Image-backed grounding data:
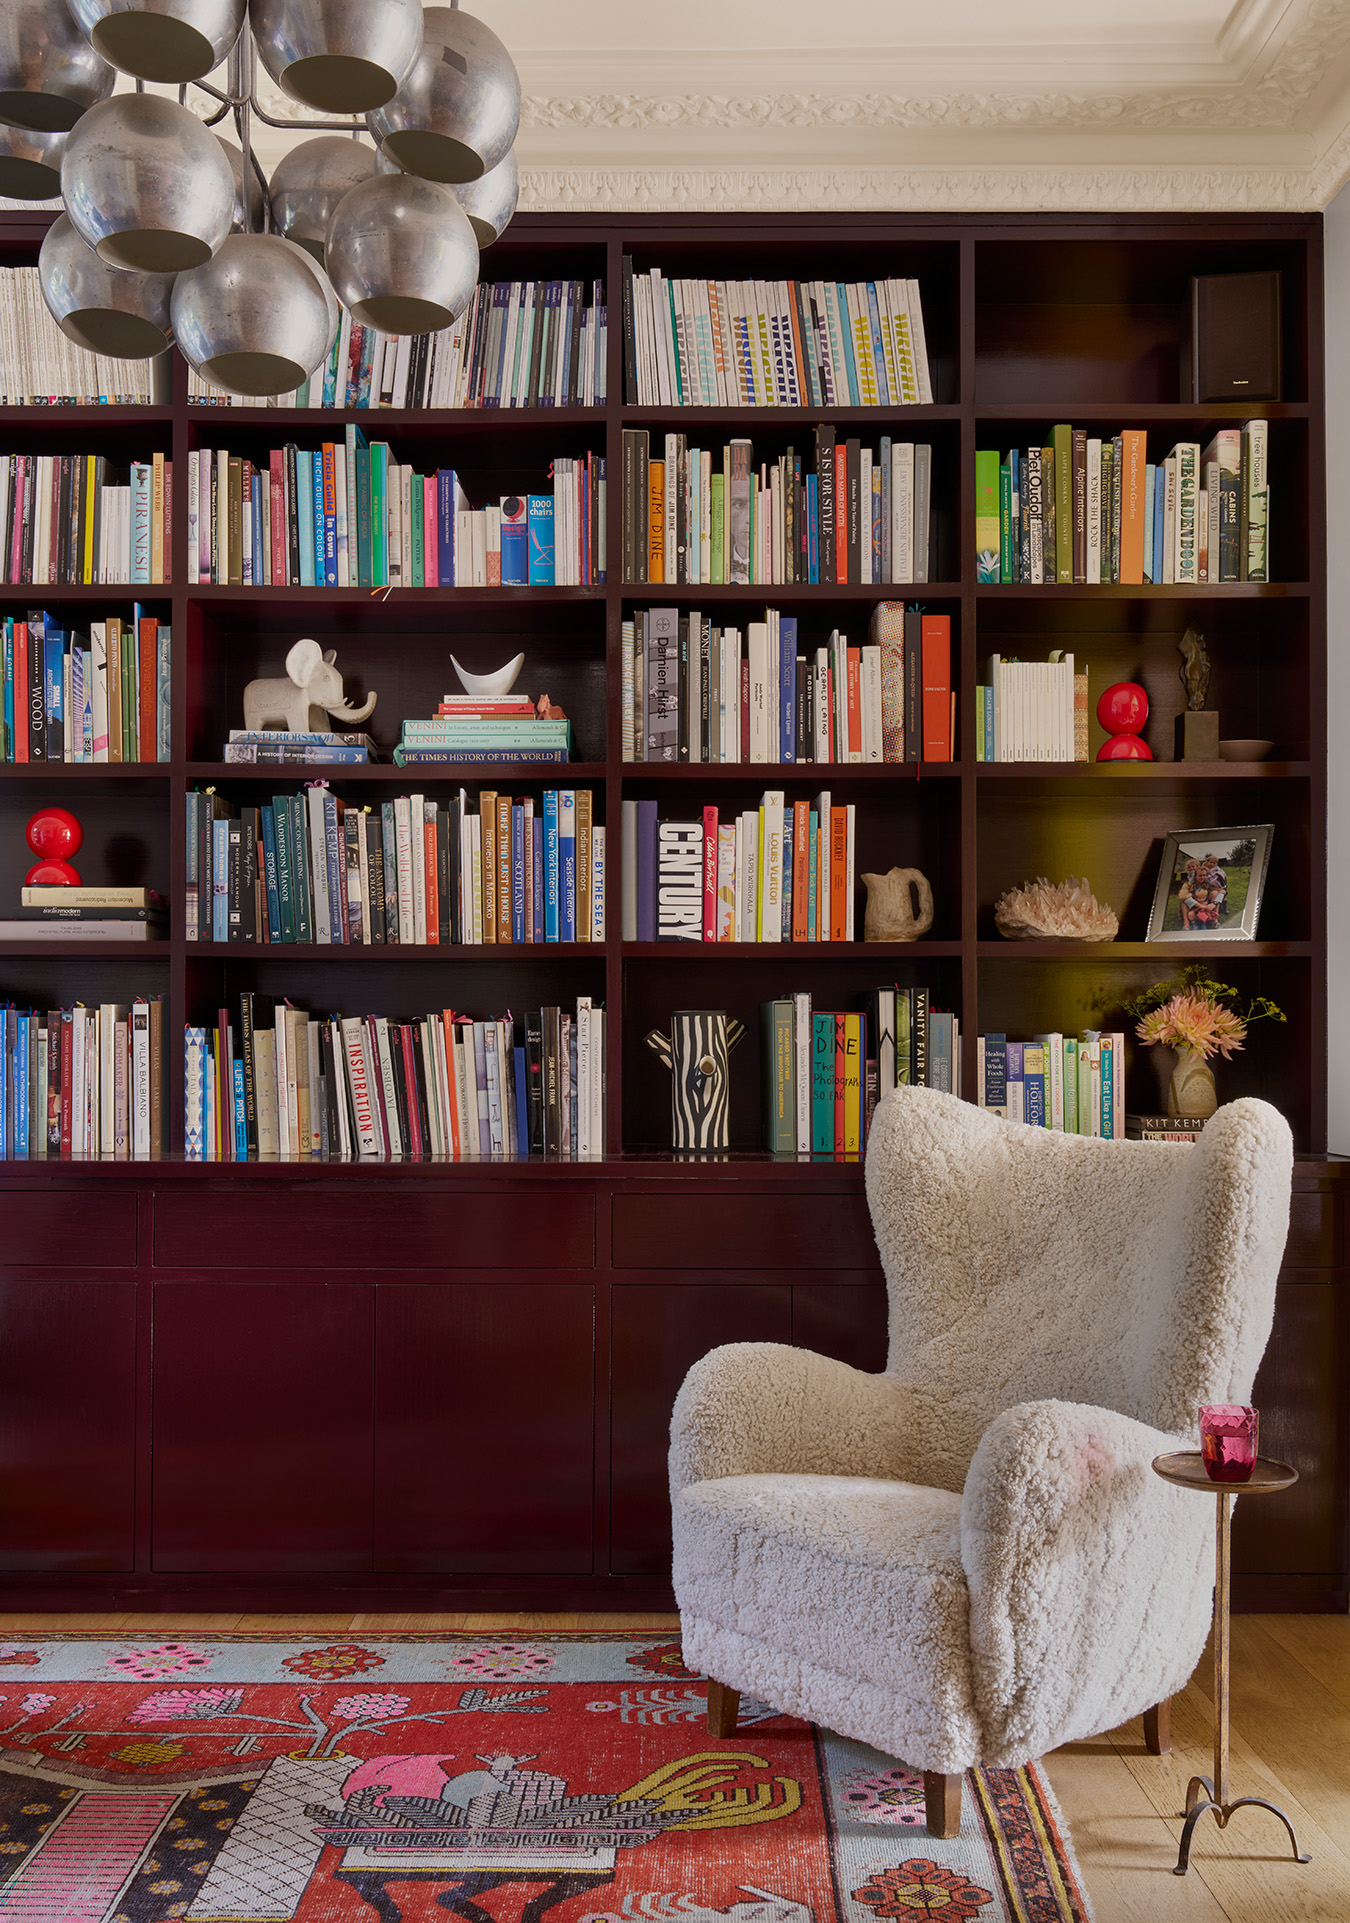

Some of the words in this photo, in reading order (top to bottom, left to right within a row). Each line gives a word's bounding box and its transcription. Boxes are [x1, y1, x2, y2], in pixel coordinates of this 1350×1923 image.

[854, 316, 878, 405] WRIGHT
[894, 312, 916, 401] WRIGHT
[1255, 436, 1263, 455] tree
[822, 459, 832, 469] IS
[1029, 450, 1042, 473] Piet
[1180, 448, 1195, 477] THE
[1254, 457, 1264, 487] houses
[822, 473, 832, 495] FOR
[1076, 467, 1085, 494] Alpine
[652, 486, 662, 514] JIM
[1029, 476, 1042, 521] Oudolf
[1180, 478, 1195, 538] GARDEN
[316, 514, 322, 526] ON
[822, 499, 832, 535] STYLE
[1077, 496, 1085, 532] Interiors
[136, 492, 148, 571] PIRANESI
[652, 525, 662, 560] DINE
[1180, 539, 1194, 579] BOOK
[143, 624, 154, 655] Pierre
[783, 630, 793, 664] William
[658, 637, 668, 685] Damien
[143, 655, 154, 716] Yovanovitch
[783, 666, 793, 686] Scott
[884, 640, 902, 728] KOONS
[32, 686, 42, 730] WOOD
[658, 690, 668, 719] Hirst
[401, 754, 418, 764] THE
[420, 753, 447, 763] TIMES
[449, 753, 486, 763] HISTORY
[488, 753, 498, 763] OF
[500, 753, 519, 763] THE
[520, 752, 553, 762] WORLD
[326, 802, 336, 821] KIT
[834, 818, 843, 834] DAVID
[277, 814, 287, 867] WADDESDON
[327, 826, 337, 858] KEMP
[399, 824, 408, 842] The
[580, 827, 588, 854] Indian
[706, 836, 715, 858] Celia
[770, 832, 780, 862] Louis
[784, 825, 793, 844] Art
[368, 854, 375, 866] OF
[834, 836, 843, 861] HOCKNEY
[266, 852, 276, 890] STORAGE
[399, 844, 410, 896] Well-Lived
[580, 855, 588, 891] Interiors
[595, 862, 603, 875] BY
[659, 823, 703, 941] CENTURY
[706, 858, 715, 894] Birtwell
[281, 870, 289, 902] MANOR
[770, 866, 780, 905] Vuitton
[402, 900, 411, 918] Life
[816, 1020, 844, 1034] JIM
[917, 994, 925, 1036] VANITY
[116, 1030, 125, 1086] COACHMAKER
[816, 1036, 857, 1055] DINE
[917, 1043, 925, 1068] FAIR
[235, 1069, 243, 1092] LIFE'S
[246, 1065, 251, 1075] OF
[815, 1062, 834, 1071] The
[917, 1074, 925, 1088] PO
[348, 1043, 372, 1132] INSPIRATION
[382, 1058, 395, 1109] JACOBSEN
[813, 1091, 826, 1100] So
[827, 1091, 844, 1100] FAR
[868, 1073, 876, 1091] TIN
[236, 1100, 244, 1121] PITCH
[1030, 1082, 1038, 1126] HOLFOR
[1146, 1119, 1168, 1127] KIT
[1174, 1119, 1208, 1127] KEMP
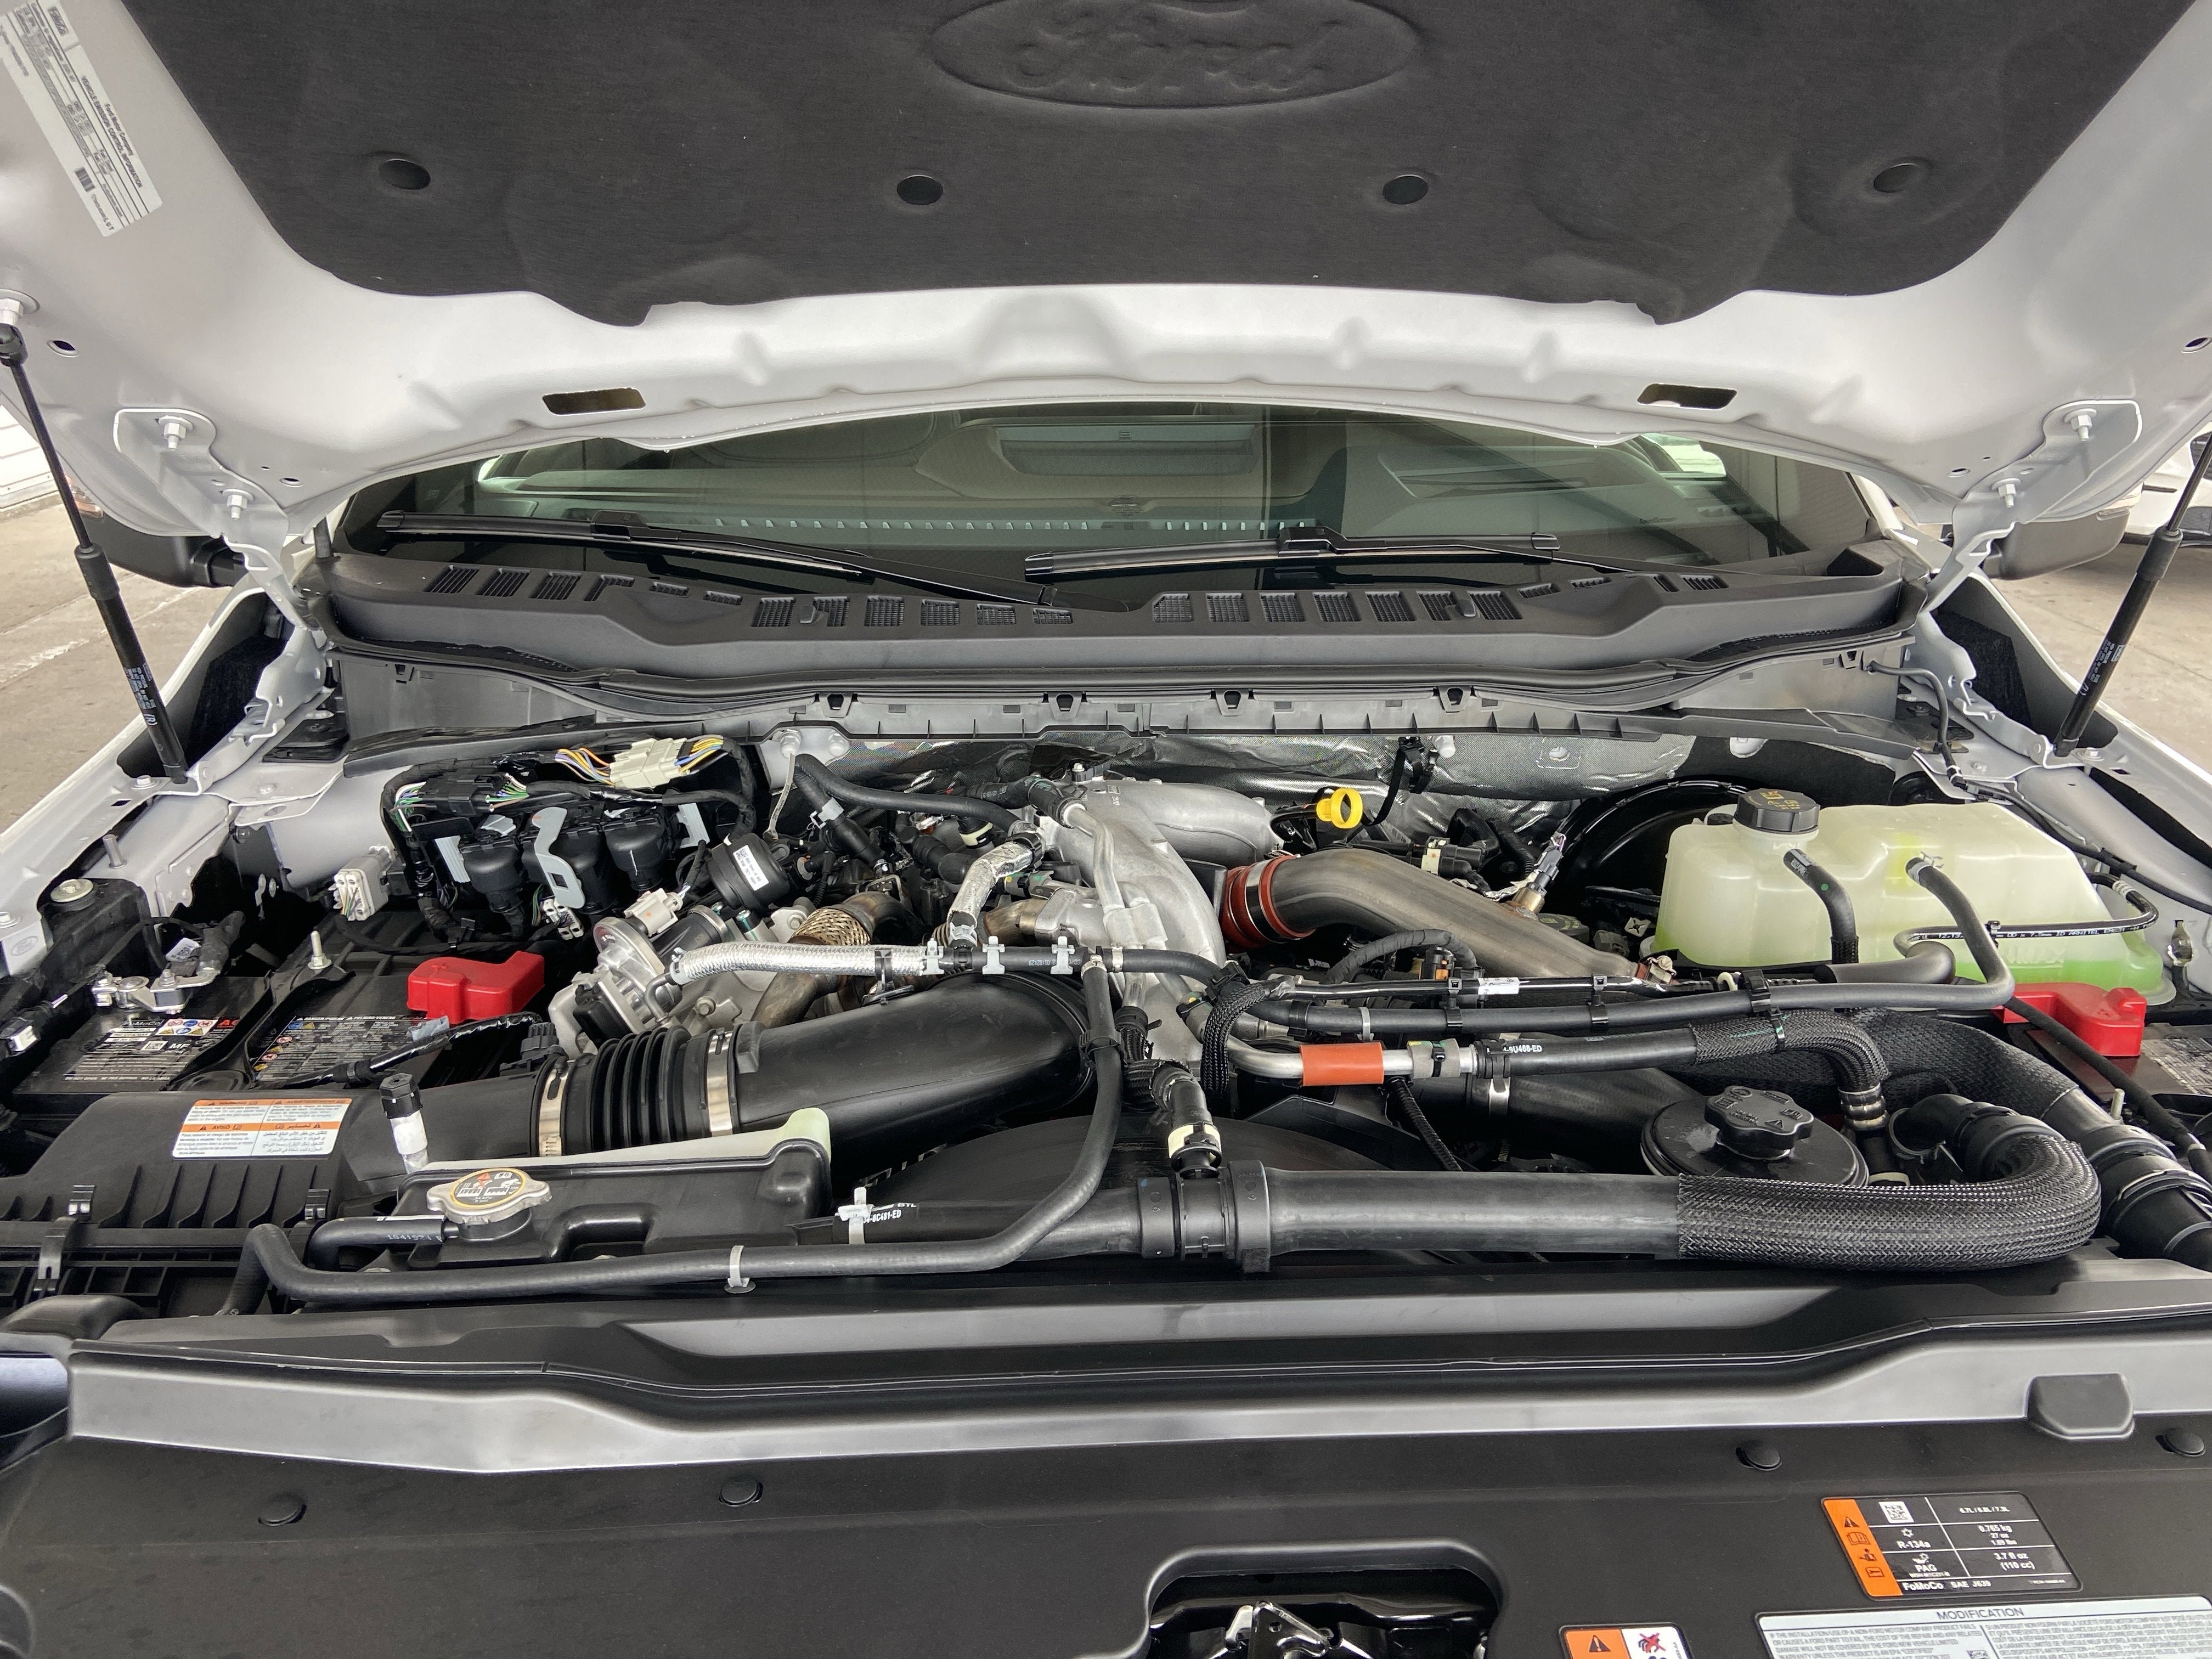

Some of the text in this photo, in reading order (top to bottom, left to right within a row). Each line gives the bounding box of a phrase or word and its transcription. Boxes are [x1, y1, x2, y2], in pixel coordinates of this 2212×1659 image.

[82, 76, 96, 101] VEHICLE
[94, 100, 110, 128] EMISSION
[109, 127, 123, 153] CONTROL
[122, 153, 142, 188] INFORMATION
[105, 103, 114, 117] Ford
[119, 132, 134, 157] Company
[144, 713, 158, 726] (R)
[2000, 1524, 2013, 1533] kg
[1897, 1541, 1932, 1549] R-134a
[1915, 1560, 2035, 1572] PAG (110 cc)
[1902, 1579, 1991, 1591] FoMoCo SAE J639
[1937, 1607, 2024, 1620] MODIFICATION

◆ **Exercise objective**: Transcribe every line in the entries above, taking out only the images.

◆ **Response area**:
Some of the words in this photo, in reading order (top to bottom, left to right within a row). Each line gives a word's bounding box and its transcription. Boxes are [x1, y1, x2, y2], in pixel coordinates of this 1350×1923 image.

[854, 316, 878, 405] WRIGHT
[894, 312, 916, 401] WRIGHT
[1255, 436, 1263, 455] tree
[822, 459, 832, 469] IS
[1029, 450, 1042, 473] Piet
[1180, 448, 1195, 477] THE
[1254, 457, 1264, 487] houses
[822, 473, 832, 495] FOR
[1076, 467, 1085, 494] Alpine
[652, 486, 662, 514] JIM
[1029, 476, 1042, 521] Oudolf
[1180, 478, 1195, 538] GARDEN
[316, 514, 322, 526] ON
[822, 499, 832, 535] STYLE
[1077, 496, 1085, 532] Interiors
[136, 492, 148, 571] PIRANESI
[652, 525, 662, 560] DINE
[1180, 539, 1194, 579] BOOK
[143, 624, 154, 655] Pierre
[783, 630, 793, 664] William
[658, 637, 668, 685] Damien
[143, 655, 154, 716] Yovanovitch
[783, 666, 793, 686] Scott
[884, 640, 902, 728] KOONS
[32, 686, 42, 730] WOOD
[658, 690, 668, 719] Hirst
[401, 754, 418, 764] THE
[420, 753, 447, 763] TIMES
[449, 753, 486, 763] HISTORY
[488, 753, 498, 763] OF
[500, 753, 519, 763] THE
[520, 752, 553, 762] WORLD
[326, 802, 336, 821] KIT
[834, 818, 843, 834] DAVID
[277, 814, 287, 867] WADDESDON
[327, 826, 337, 858] KEMP
[399, 824, 408, 842] The
[580, 827, 588, 854] Indian
[706, 836, 715, 858] Celia
[770, 832, 780, 862] Louis
[784, 825, 793, 844] Art
[368, 854, 375, 866] OF
[834, 836, 843, 861] HOCKNEY
[266, 852, 276, 890] STORAGE
[399, 844, 410, 896] Well-Lived
[580, 855, 588, 891] Interiors
[595, 862, 603, 875] BY
[659, 823, 703, 941] CENTURY
[706, 858, 715, 894] Birtwell
[281, 870, 289, 902] MANOR
[770, 866, 780, 905] Vuitton
[402, 900, 411, 918] Life
[816, 1020, 844, 1034] JIM
[917, 994, 925, 1036] VANITY
[116, 1030, 125, 1086] COACHMAKER
[816, 1036, 857, 1055] DINE
[917, 1043, 925, 1068] FAIR
[235, 1069, 243, 1092] LIFE'S
[246, 1065, 251, 1075] OF
[815, 1062, 834, 1071] The
[917, 1074, 925, 1088] PO
[348, 1043, 372, 1132] INSPIRATION
[382, 1058, 395, 1109] JACOBSEN
[813, 1091, 826, 1100] So
[827, 1091, 844, 1100] FAR
[868, 1073, 876, 1091] TIN
[236, 1100, 244, 1121] PITCH
[1030, 1082, 1038, 1126] HOLFOR
[1146, 1119, 1168, 1127] KIT
[1174, 1119, 1208, 1127] KEMP

Some of the text in this photo, in reading order (top to bottom, left to right within a row). Each line gives the bounding box of a phrase or word and its transcription. Boxes are [x1, y1, x2, y2], in pixel coordinates of this 2212×1659 image.

[82, 76, 96, 101] VEHICLE
[94, 100, 110, 128] EMISSION
[109, 127, 123, 153] CONTROL
[122, 153, 142, 188] INFORMATION
[105, 103, 114, 117] Ford
[119, 132, 134, 157] Company
[144, 713, 158, 726] (R)
[2000, 1524, 2013, 1533] kg
[1897, 1541, 1932, 1549] R-134a
[1915, 1560, 2035, 1572] PAG (110 cc)
[1902, 1579, 1991, 1591] FoMoCo SAE J639
[1937, 1607, 2024, 1620] MODIFICATION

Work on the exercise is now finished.